Linux Made Easy—The Official Guide to Xandros 3 for Everyday Users, by Rickford Grant ISBN 1593270577
Reviewed
by: Howard Carson, September 2005
Published
by: No Starch Press
Requires: N/A
MSRP: US$34.95, CDN$47.95
Regular readers of Kickstartnews reviews know that the editorial staff and several reviewers are huge fans of the Xandros Linux distribution. In our view and in the opinion of hundreds of thousands of users, Xandros is also by far the easiest Linux to install and is also supplied with one of the most comprehensive collections of up-to-date device drivers. We're fans, no doubt. Xandros includes an extensive user manual with every retail version of it's home and business versions, but the documentation, while thoroughly accurate, is not the kind of thing that novice computer users or people for whom Linux is completely new, will necessarily find easy to read and use. For all of those legions of current and potential Xandros Linux users, two books are absolutely essential, in my view, to reach alternate operating system nirvana: a) Moving to Linux—Kiss the Blue Screen of Death Goodbye, by Marcel Gagne, and b) the subject of this review, Linux Made Easy—The Official Guide to Xandros 3 for Everyday Users, by Rickford Grant.
I hate giving away the punchline too early, but there you have it. I really like this book. I'm not a Linux newbie and I'm certainly familiar with Xandros Linux, but author Rickford Grant captures an energy and enthusiasm for Xandros Linux (and Linux in general) that is clearly instructive, enlightening and enthusiastically energetic. Installing any Linux distribution is a rather quick process taking somewhere on the order of a tenth of the time it takes to install Windows XP. Linux Made Easy's step-by-step jog through the Xandros installation process seems to make it go even faster. Can't beat that. What's more, Grant has found a way to explain what's going on during the installation which manages to impart some technical foundation about how Linux is structured. He makes good use of this introduction to help build greater technical skills later in the book. |
|
Grant doesn't stop there. A cunning devil he is who uses his guile to lead readers inexorably through ever more complex applications within Xandros Linux, all the while imparting more and more detailed training in the fundamental power under the Linux hood. The transitions to ever more complicated and powerful Linux applications are gradual, well managed and sneak up on unsuspecting readers as they walk through the configuration and use of the primary utility and productivity software bundled into the Xandros installation.
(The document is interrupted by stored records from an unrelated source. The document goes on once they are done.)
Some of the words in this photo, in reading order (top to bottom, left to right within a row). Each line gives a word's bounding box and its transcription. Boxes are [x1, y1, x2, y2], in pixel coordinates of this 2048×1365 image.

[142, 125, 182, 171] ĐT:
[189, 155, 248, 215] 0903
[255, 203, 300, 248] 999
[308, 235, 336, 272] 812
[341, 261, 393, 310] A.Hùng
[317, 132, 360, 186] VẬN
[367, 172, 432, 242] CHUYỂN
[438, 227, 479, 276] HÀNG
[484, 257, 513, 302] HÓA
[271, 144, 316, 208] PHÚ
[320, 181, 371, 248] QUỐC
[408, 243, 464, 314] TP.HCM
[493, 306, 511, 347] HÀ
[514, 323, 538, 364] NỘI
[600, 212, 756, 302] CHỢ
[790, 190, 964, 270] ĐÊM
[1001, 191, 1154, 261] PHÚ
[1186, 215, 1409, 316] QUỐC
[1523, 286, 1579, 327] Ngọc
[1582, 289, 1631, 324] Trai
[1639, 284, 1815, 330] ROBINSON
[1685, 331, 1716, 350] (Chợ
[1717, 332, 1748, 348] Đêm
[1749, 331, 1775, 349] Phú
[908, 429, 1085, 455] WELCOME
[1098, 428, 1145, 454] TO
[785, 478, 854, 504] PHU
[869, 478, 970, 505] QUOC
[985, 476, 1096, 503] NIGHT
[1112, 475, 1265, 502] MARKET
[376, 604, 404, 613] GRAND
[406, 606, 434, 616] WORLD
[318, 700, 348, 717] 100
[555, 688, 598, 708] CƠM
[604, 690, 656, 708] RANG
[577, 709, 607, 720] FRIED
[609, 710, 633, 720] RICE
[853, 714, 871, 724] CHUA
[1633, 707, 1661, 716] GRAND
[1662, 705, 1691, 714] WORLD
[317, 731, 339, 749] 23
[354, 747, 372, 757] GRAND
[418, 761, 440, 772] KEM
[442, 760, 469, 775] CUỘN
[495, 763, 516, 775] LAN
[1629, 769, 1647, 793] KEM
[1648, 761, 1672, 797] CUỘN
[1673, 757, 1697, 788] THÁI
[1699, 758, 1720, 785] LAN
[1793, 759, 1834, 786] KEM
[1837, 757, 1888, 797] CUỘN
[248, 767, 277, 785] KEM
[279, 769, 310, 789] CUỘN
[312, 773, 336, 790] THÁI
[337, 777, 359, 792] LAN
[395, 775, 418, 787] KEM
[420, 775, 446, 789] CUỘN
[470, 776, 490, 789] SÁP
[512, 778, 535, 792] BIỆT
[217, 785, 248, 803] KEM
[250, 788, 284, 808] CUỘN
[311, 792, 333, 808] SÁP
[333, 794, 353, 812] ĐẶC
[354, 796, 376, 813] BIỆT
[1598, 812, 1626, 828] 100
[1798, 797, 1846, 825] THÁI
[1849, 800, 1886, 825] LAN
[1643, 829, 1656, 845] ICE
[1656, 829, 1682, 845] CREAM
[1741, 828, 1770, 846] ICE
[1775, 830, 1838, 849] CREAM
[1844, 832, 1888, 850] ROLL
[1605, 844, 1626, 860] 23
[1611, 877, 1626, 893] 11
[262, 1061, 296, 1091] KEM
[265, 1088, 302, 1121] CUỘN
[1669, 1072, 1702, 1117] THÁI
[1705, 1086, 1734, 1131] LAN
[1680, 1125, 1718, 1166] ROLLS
Grant proves beyond any doubt that the free version of Xandros Linux bundled with the book is equal in power to any desktop version of Windows, supplied with several orders of magnitude more utility and productivity software than any version of Windows, and vastly more stable and forgiving than most versions of Windows. Better than this you can't get unless you take the massive leap to Mac OS X on an Apple computer. Even then, you're jumping to Apple's flavor of UNIX, which is only a hop, step and a jump from Linux.
Linux Made Easy above all else makes it clear that moving to Linux can be almost completely painless using a process that is informative and encouragingly productive from the outset. The book covers all major aspects of Xandros Linux including reasons to consider Linux in the first place, installation, the Internet, file management, using storage media and optical drives, configuring every aspect of Linux, expanding and updating Linux, installing and using programs of all kinds, installing and using peripherals such as printers, scanners, PDAs and cameras, review and use of audio, video, graphics, office and a brigade of other programs, gaming, education, and last but not least, the infamous Linux Command Line (for the truly adventurous). Comprehensive it is, and the whole thing is capped off by an appendix of technical settings, a thorough glossary and a reasonably detailed index.
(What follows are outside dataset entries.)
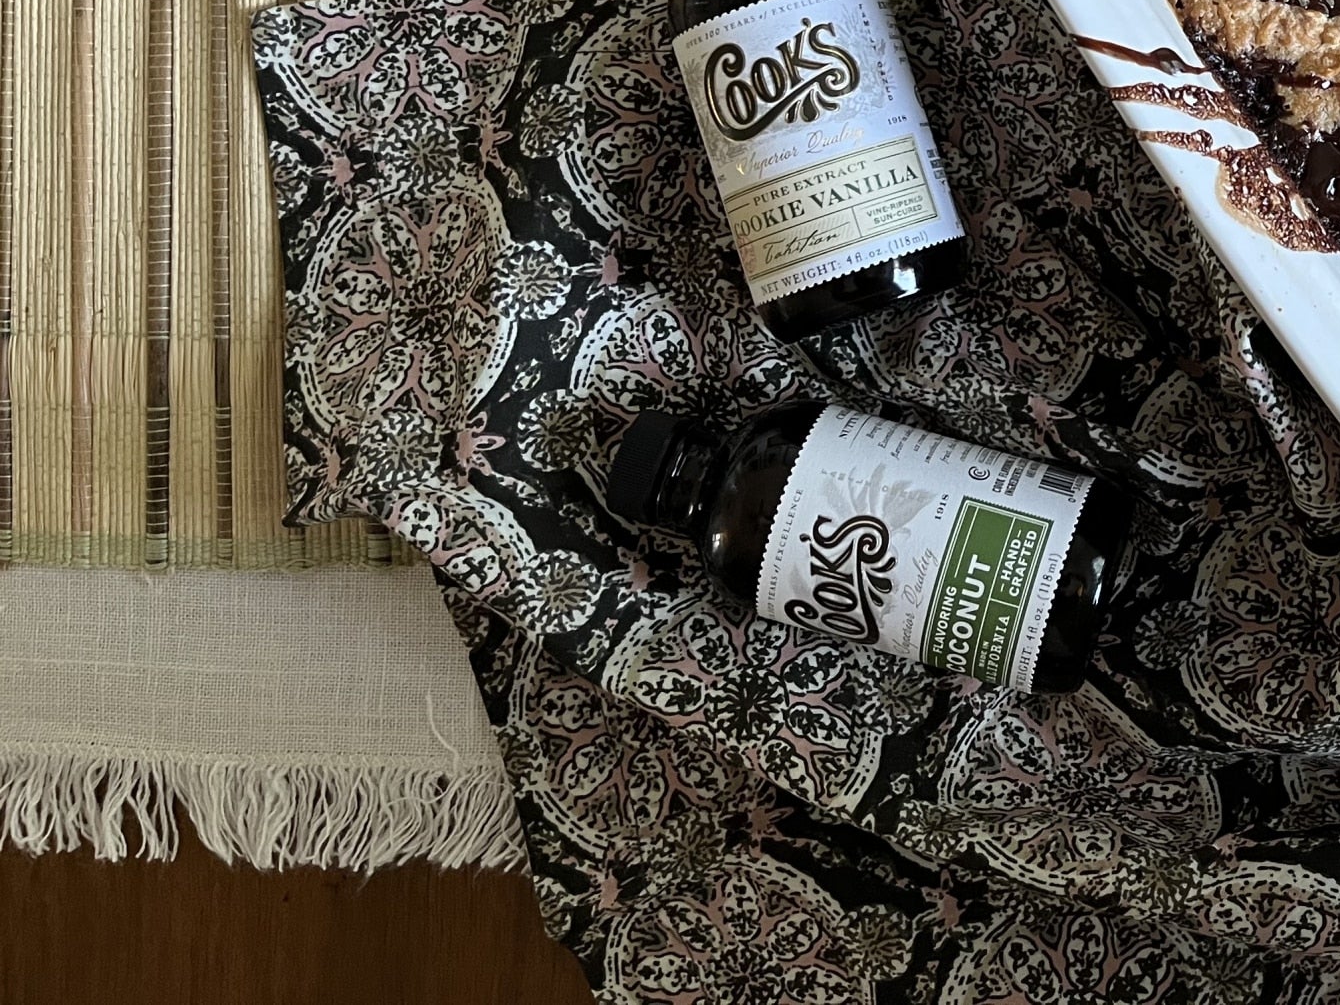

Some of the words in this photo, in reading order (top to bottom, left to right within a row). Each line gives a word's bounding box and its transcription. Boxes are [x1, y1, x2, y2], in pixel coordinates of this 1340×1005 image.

[723, 16, 756, 33] YEARS
[888, 115, 907, 126] 1918
[736, 148, 799, 179] Superior
[753, 186, 790, 207] PURE
[794, 161, 866, 192] EXTRACT
[734, 200, 805, 240] COOKIE
[808, 166, 918, 209] VANILLA
[866, 195, 923, 218] VINE-RIPENED
[873, 205, 923, 225] SUN-CURED
[761, 281, 779, 296] NET
[781, 261, 841, 288] WEIGHT:
[935, 494, 949, 520] 1918
[770, 576, 778, 600] YEARS
[776, 488, 804, 561] EXCELLENCE
[902, 548, 938, 608] Quality
[1009, 530, 1037, 597] CRAFTED
[933, 587, 957, 653] FLAVORING
[946, 554, 991, 673] COCONUT
[979, 651, 987, 667] MADE
[982, 641, 989, 649] IN
Cons: The content is near perfect; no Cons there. The book is also generally well printed—No Starch Press is a decent marque for sure—but I've got to make some suggestions to them about some of the layout details. First and foremost, please don't place running text (chapter number and chapter title) on the same running footer line with the drop folio (page numbers printed at the bottom of each page). It's visually distracting and besides that, the point size chosen for the running text is too small and lightweight to be of much use. If you're using a drop folio, place running text in a readable point size at the top of the page instead, in a running header. The Dewey Decimal System is distinctly absent from the table of contents and body. I think that's a bit of a mistake mainly because logically numbered section and subsection lookups are much easier to perform than text scanning when you're in a hurry to find something.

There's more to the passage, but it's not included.